Even if you are not yet a leader, there are ways to build your own pathway to leadership by becoming the best possible employee. Here are five stepping stones to becoming a better employee and thus building a pathway to leadership.
Ask for clarification
This one tool will improve every area of your life and will set you up for becoming a leader at some point. Here’s why: In all drama there is always a lack of clarity. When you aren’t sure what is expected, you’re more likely to fail. When your boss piles too many competing projects on your plate and you aren’t clear about the real priority, someone is going to be disappointed. As an employee, you owe it to yourself and your boss to seek clarification any time you are overwhelmed, confused or misunderstood.
How to ask for clarification:
- “My understanding last week was to finish the quarterly report before investing time doing XYZ. Can you clarify your expectations where these two priorities are concerned?”
- “I haven’t yet received the information from you to complete the project. With that in mind, when do you expect the project to be completed?”
- “I’d like to understand how I will be evaluated for this project.”
When you make clarity a priority, you protect yourself while supporting your boss to have realistic expectations. In addition, you learn early on how to use clarity as a tool for better results.
Master the skills
If you struggle at any part of your job you owe it to yourself to get the help you need to master the skill sets — both soft and hard skills. Rather than investing the energy to cover up your inadequacies, seek a mentor, ask for the opportunity to take a formal course or decide to study on your own. The challenge here is to seek feedback about how others view your skill sets. In other words, you may not struggle, but your lack of skill may be causing others to struggle. You won’t know unless you ask.

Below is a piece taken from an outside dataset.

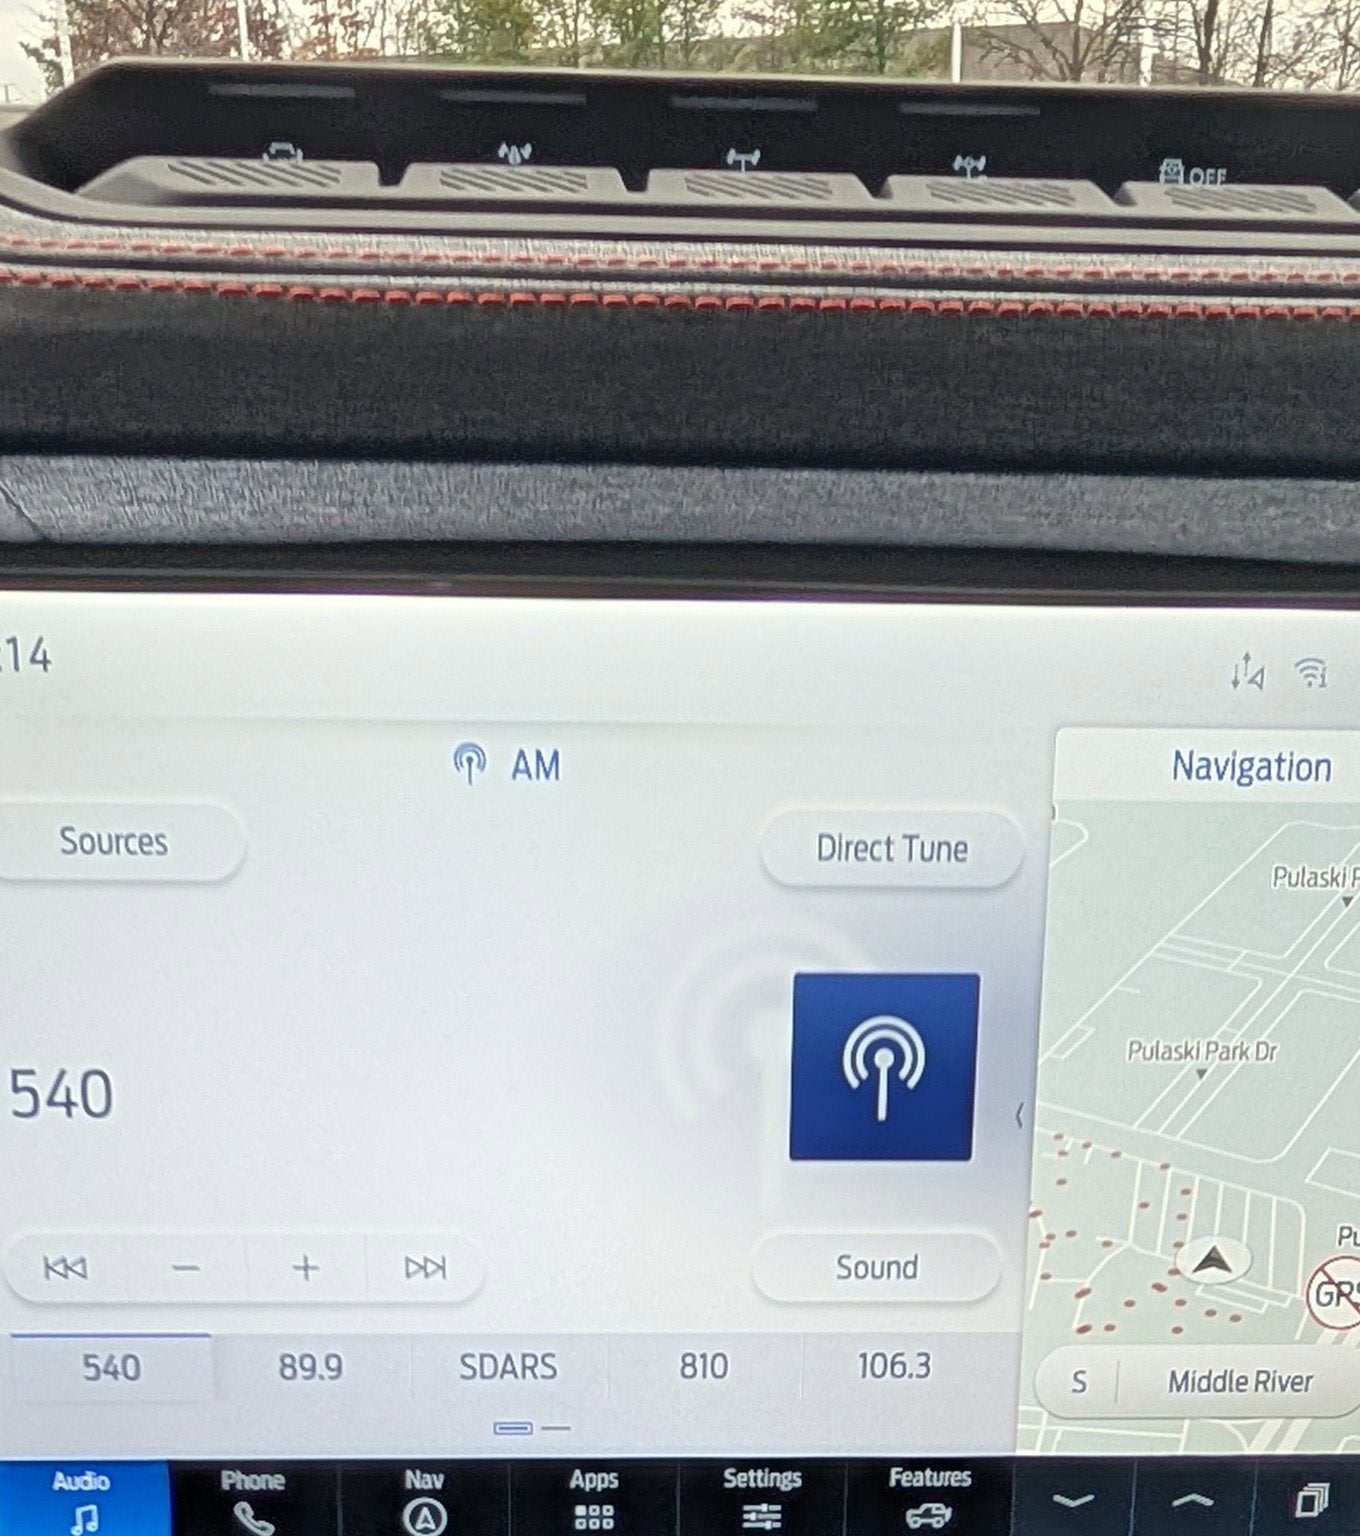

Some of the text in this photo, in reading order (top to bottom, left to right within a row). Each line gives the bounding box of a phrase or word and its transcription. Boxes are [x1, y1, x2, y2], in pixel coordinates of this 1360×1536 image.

A great resource is LinkedIn Learning, where for a nominal membership fee you can learn anything from Having Difficult Conversations to project management to software development. Unfortunately, not all workplaces train their employees adequately, however you have to take responsibility for your career. In doing so, you set yourself up to be a future leader or executive.

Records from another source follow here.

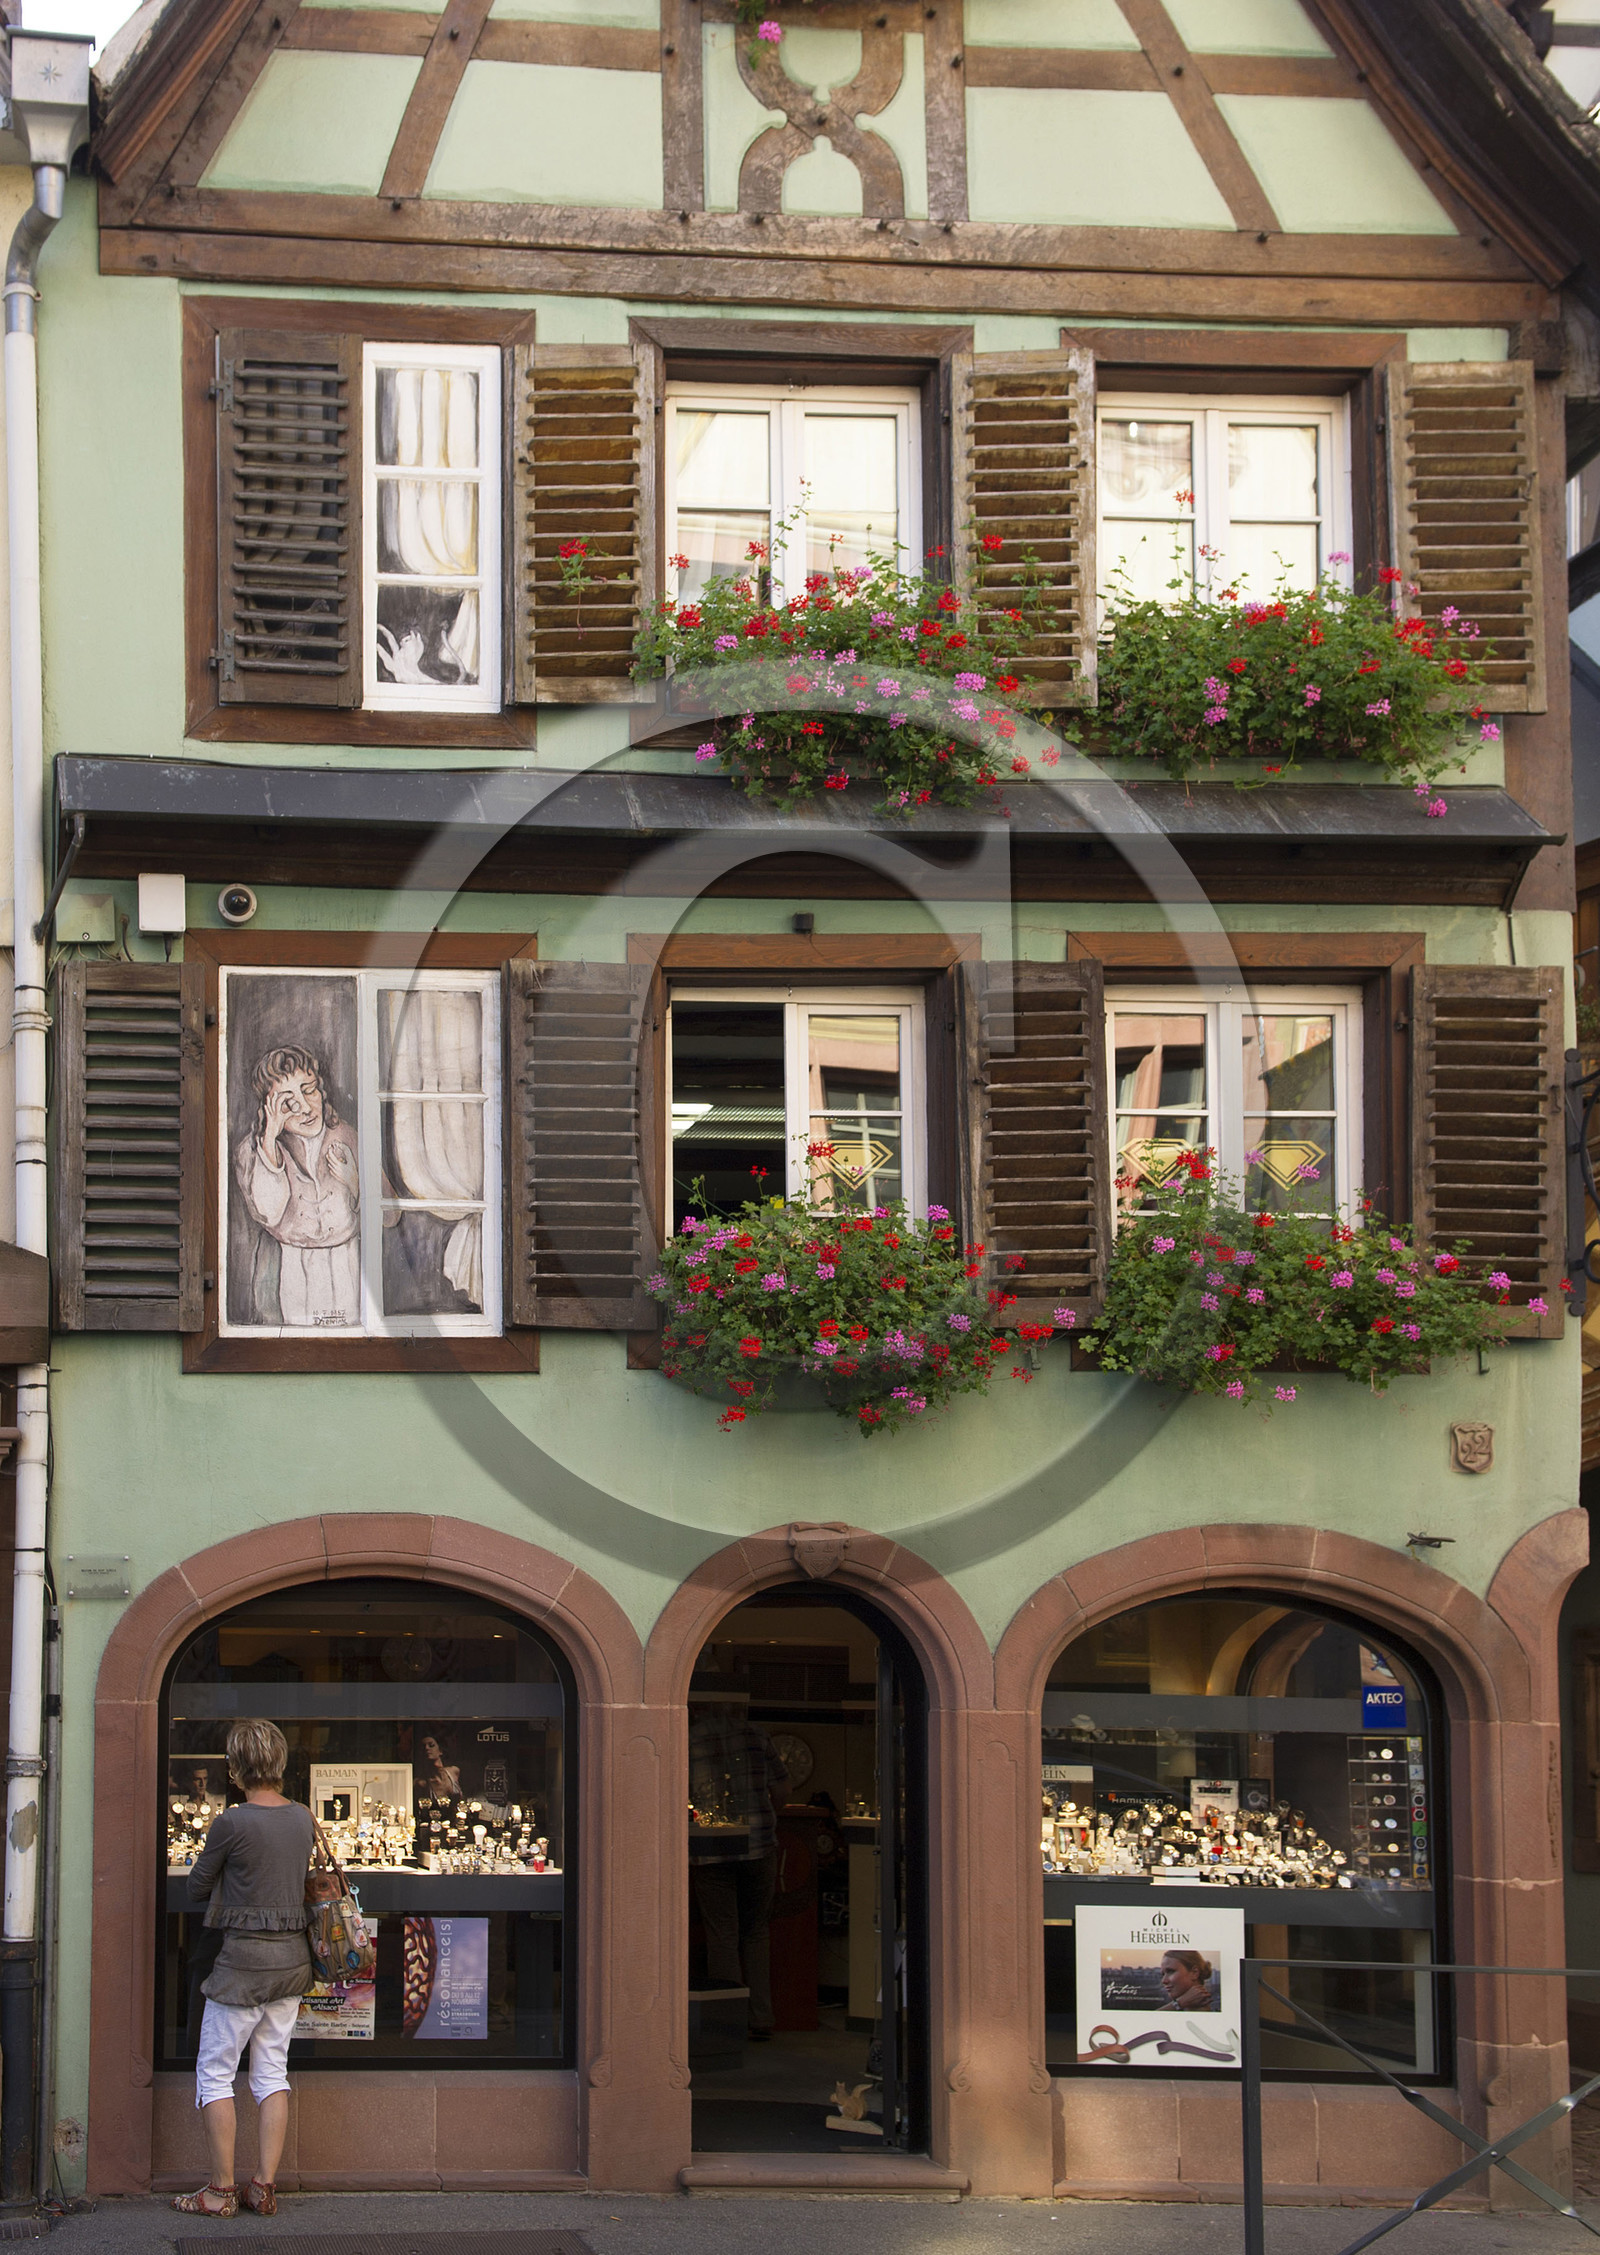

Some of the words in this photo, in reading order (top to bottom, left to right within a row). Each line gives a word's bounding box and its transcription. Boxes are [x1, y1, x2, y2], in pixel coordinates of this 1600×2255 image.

[1461, 1431, 1490, 1464] 22
[1366, 1692, 1403, 1705] AKTEO
[477, 1733, 510, 1742] LOTUS
[315, 1768, 358, 1779] BALMAIN
[1041, 1769, 1067, 1779] ELIN
[1111, 1797, 1164, 1805] HAMILTON
[1130, 1931, 1190, 1944] HERBELIN

Your boss and colleagues can be a great resource, but don’t fall into the lazy habit making your boss your first go-to person. Show that you are a critical thinker. Do some informal research and come up with ideas before going to your boss to fix your issue. Instead of complaining about what you don’t have, come up with options of how to fill the gaps. Show the business case of why the company should invest or budget for that new piece of equipment. Paint the picture of how much more productive you would be if you had the resources that are missing. Make your case about results and productivity instead of about easing your own work-load.
Ownership is a state of mind and a heartfelt commitment. When you take ownership, you show your interest and initiation, instead of just showing up, clocking in and waiting for direction. You don’t need a babysitter. You don’t need to be prodded. Perhaps your boss is difficult to work with. You might say, “If you knew how my boss micromanages you would know how impossible it is to really take ownership.”
But the point is, if you are still working for the micromanager, you still have to own the fact that you are still there. Even when you work for a micromanager, you can take some ownership by seeking clarification, becoming resourceful, and using conversations to drive results. If you truly feel stuck where you are, map out a plan to transfer to a different department or different boss more suitable for your growth. Taking ownership while you are an employee helps you to walk the talk when you become a boss.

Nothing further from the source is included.